■ **REQUIRED ACTION**
Each line from the one holding "this 1023×1024 image." to the end of the data below must be output verbatim, with no other lines.

Data extracted from a collection:
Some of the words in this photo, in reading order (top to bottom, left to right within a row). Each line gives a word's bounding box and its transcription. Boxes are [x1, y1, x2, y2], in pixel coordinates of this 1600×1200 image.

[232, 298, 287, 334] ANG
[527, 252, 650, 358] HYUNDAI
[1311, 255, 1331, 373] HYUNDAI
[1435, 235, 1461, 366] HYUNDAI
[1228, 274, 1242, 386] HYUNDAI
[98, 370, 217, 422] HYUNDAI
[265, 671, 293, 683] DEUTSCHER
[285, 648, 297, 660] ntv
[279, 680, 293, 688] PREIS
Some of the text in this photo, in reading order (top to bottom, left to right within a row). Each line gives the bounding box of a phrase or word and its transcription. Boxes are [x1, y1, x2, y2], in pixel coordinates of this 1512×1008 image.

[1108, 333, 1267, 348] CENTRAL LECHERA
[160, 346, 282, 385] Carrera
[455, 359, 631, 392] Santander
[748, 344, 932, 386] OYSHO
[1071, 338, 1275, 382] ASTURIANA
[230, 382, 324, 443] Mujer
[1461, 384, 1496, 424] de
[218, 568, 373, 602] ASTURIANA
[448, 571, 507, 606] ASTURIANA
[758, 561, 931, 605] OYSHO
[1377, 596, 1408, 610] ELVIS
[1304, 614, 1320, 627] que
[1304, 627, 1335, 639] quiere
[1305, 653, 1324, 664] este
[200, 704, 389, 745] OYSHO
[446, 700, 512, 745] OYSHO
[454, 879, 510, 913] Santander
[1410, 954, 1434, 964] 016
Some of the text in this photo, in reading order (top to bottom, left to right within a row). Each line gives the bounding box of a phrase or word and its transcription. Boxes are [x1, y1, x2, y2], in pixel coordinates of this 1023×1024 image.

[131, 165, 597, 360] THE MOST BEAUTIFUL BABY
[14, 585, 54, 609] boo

■ **YOUR SOLUTION**
Some of the text in this photo, in reading order (top to bottom, left to right within a row). Each line gives the bounding box of a phrase or word and its transcription. Boxes are [x1, y1, x2, y2], in pixel coordinates of this 1023×1024 image.

[131, 165, 597, 360] THE MOST BEAUTIFUL BABY
[14, 585, 54, 609] boo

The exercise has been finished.